Extracted material
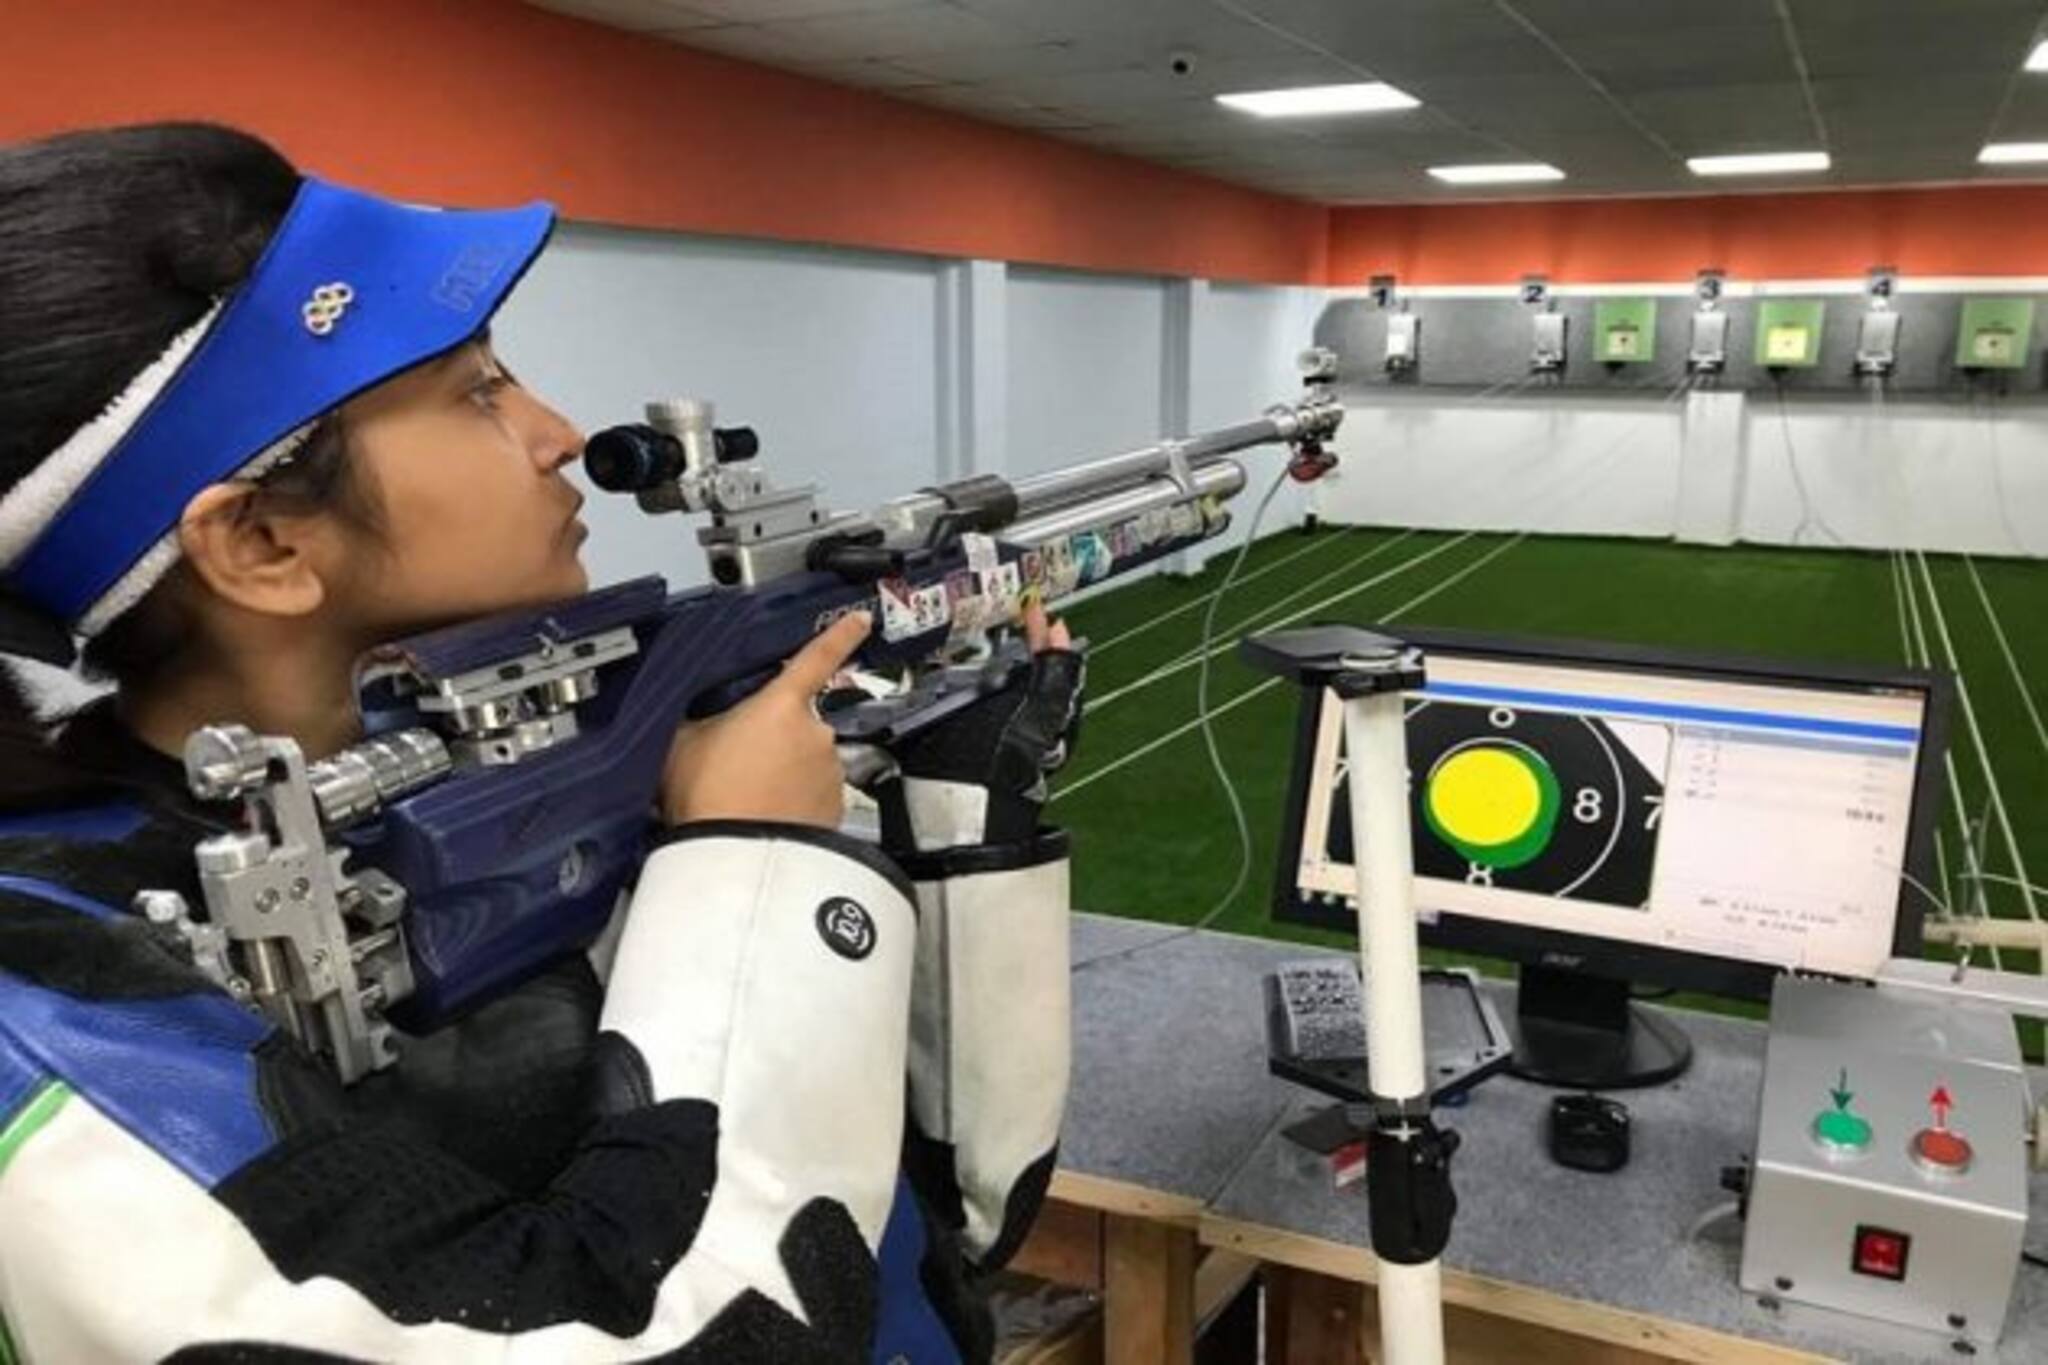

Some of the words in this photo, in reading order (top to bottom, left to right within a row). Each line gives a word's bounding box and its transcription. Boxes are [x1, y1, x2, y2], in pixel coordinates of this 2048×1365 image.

[1523, 284, 1544, 304] 2
[1700, 279, 1720, 300] 3
[1871, 278, 1891, 298] 4
[1573, 786, 1602, 823] 8
[1643, 795, 1664, 830] 7
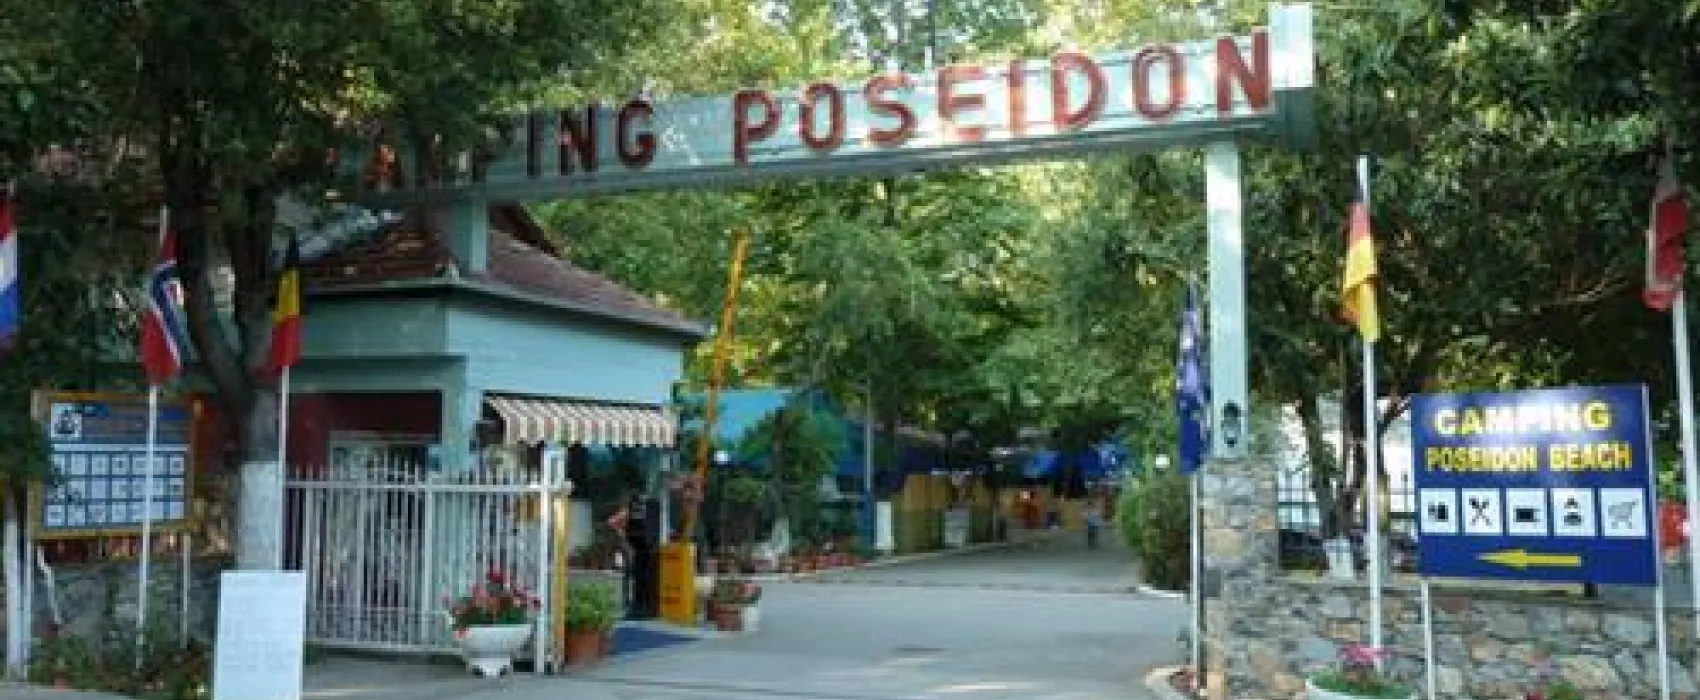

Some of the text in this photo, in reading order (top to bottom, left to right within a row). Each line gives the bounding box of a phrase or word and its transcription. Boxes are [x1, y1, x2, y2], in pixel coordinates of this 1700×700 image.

[732, 28, 1272, 164] POSEIDON
[1434, 402, 1612, 435] CAMPING
[1425, 441, 1633, 472] POSEIDON BEACH
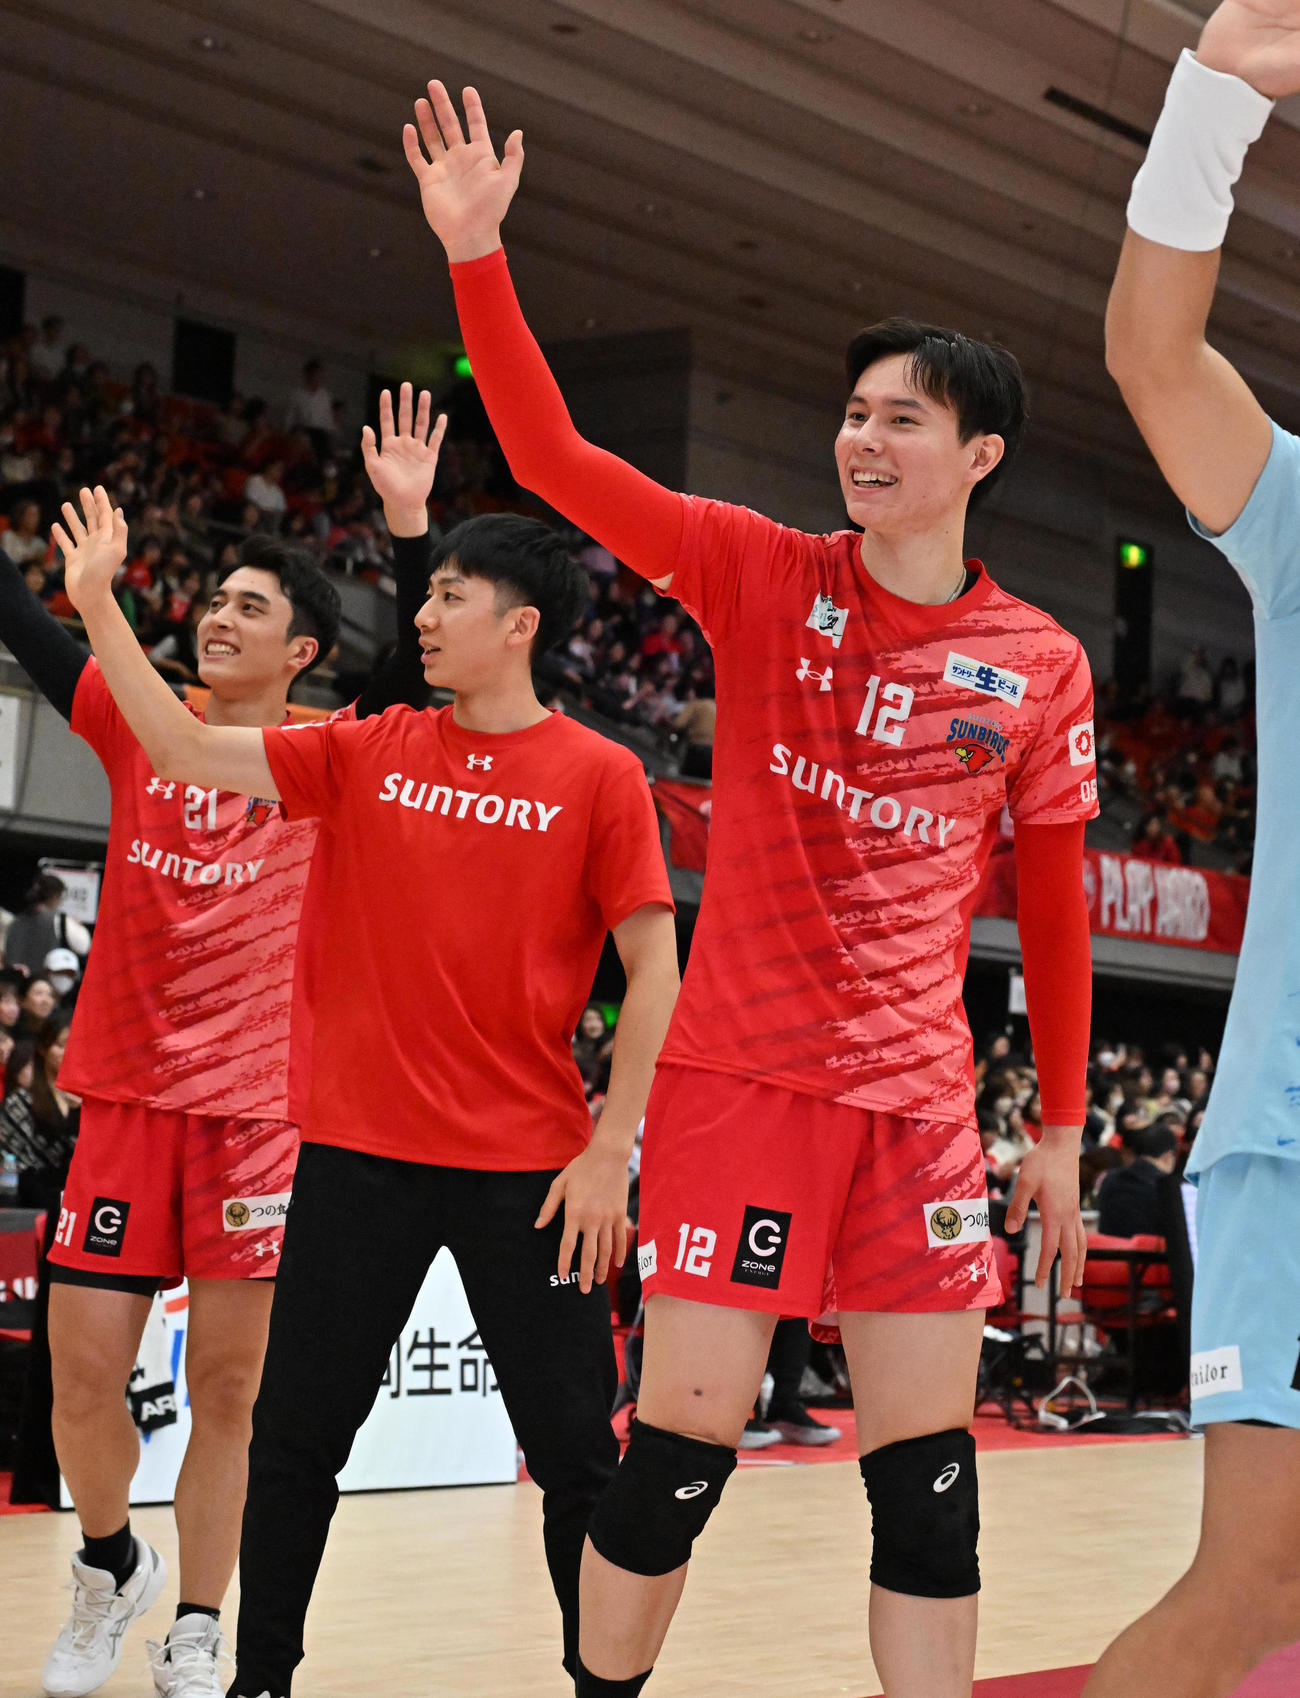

What you have to do
Reproduce the final stretch of lines exactly: the line containing "Some of the text" through the last line of the data, both included. Pictures do not belong in the copy.

Answer to this problem
Some of the text in this photo, in reading order (top to bottom, left to right within a row). Each line gives the bounding box of a phrase or word and its transcription. Boxes are [x1, y1, x2, y2], in pixel coordinates of this 1700×700 image.

[732, 28, 1272, 164] POSEIDON
[1434, 402, 1612, 435] CAMPING
[1425, 441, 1633, 472] POSEIDON BEACH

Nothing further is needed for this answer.